In periphery and in lungs
Vasopressin causes intense vasoconstriction. What are some risks that comes with that?
Myocardial ischemia
Decreased CO
Mesenteric ischemia
Digital necrosis
Why might vasopressin be beneficial in the case of pulmonary HTN?
Its effects are less severe in pulmonary vasculature because V receptors are not in the lungs
What may you give if your patient’s MAP is below 50 mmHg and they are on a norepi drip of greater than 35 mcg/min?
Methylene blue
Methylene blue may treat what problem associated w/ high rates of norepi infusion?
Refractory vasodilation
Why does a norepi infusion cause refractory vasodilation?
It has strong alpha effects
T/F: methlyene blue may be administered in the event that your patient has very low MAPs with a high infusion rate of norepi, but only as a rescue measure.
True.
Why is methylene blue effective in the treatment of refractory vasodilation?
NO activates guanylate cyclase to increase levels of cGMP in the body and cause smooth muscle relaxation. Methylene blue inhibits guanylate cyclase, preventing the proliferation of cyclic nucelotides.
Methylene blue inhibits:
guanylate cyclase
Guanylate cyclase is inhibited by:
Methylene blue
To treat refractory vasodilation, what bolus dose of methylene blue should you give?
Over what amount of time?
Bolus: 1.5 - 2 mg/kg
Give over 10-60 minutes.
Methylene blue adminsitration causes minimal side effects at what dose limit?
<2 mg/ kg
What are mild side effects you may see in your patient upon administration of methylene blue?
Transient decrease in SpO2 monitoring
Mild skin and urine discoloration
High doses of methylene blue may cause:
hyperbilirubinemia + hemolytic anemia
What population should never receive methylene blue? Why?
Patients on SSRIs shouldn’t receive methylene blue because it may cause serotonin syndrome.
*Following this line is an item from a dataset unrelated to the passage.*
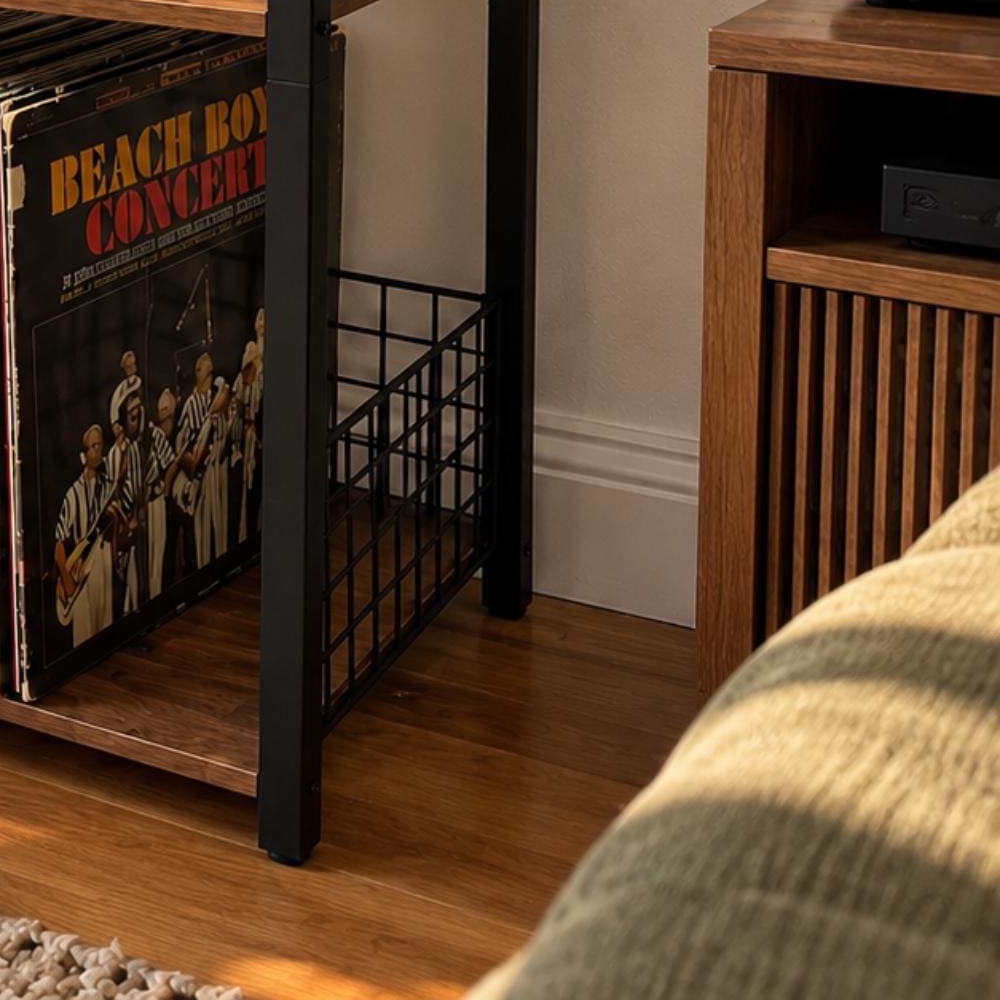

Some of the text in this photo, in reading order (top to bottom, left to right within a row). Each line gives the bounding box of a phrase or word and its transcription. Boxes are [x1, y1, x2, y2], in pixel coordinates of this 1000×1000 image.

[50, 86, 267, 216] BEACH BOY
[85, 138, 267, 257] CONCERT
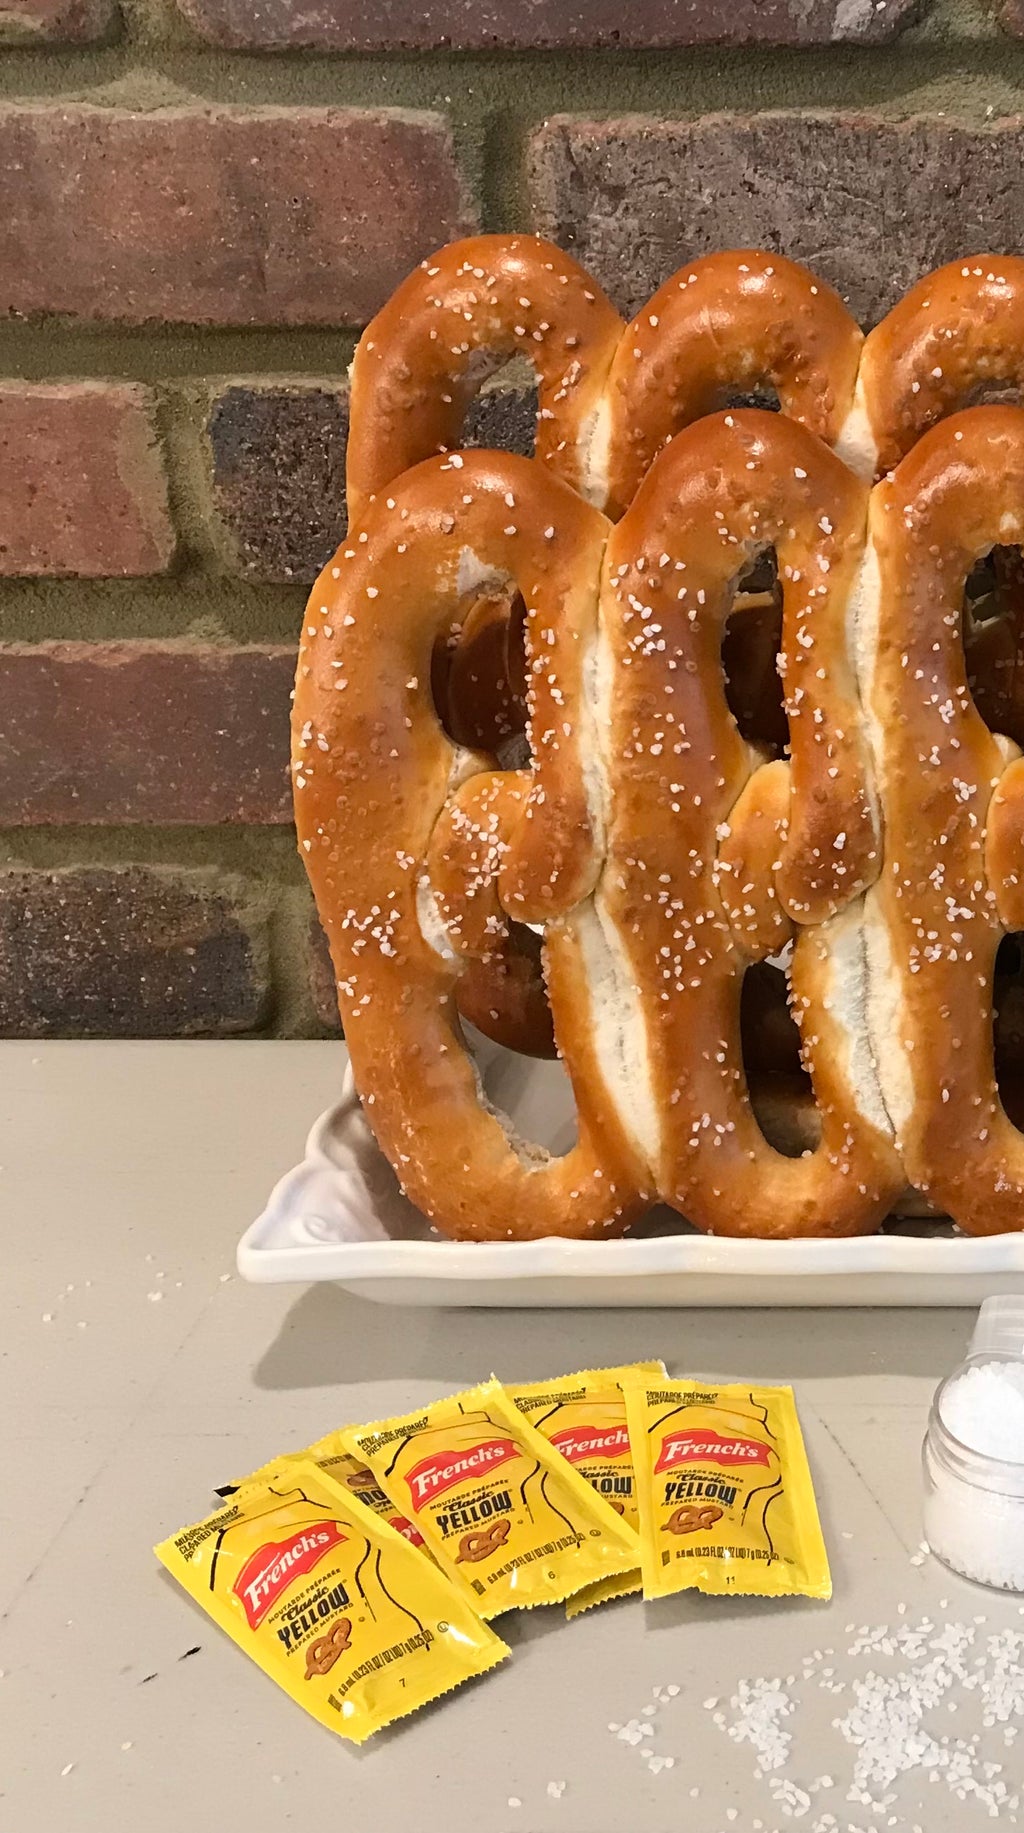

What symptoms define serotonin syndrome?
Hypotension
Tachycardia
Hyperthermia
Your 24 yo patient presents with BP 65/40, HR 100, 92 SpO2, and a rash. What do you suspect? How should you treat it?
Anaphylaxis
Treat with epinephrine.
High CVP indicate what issue, pump or pipe?
High CVP indicates that the heart isn’t pumping like it should. Give a beta agonist to remedy.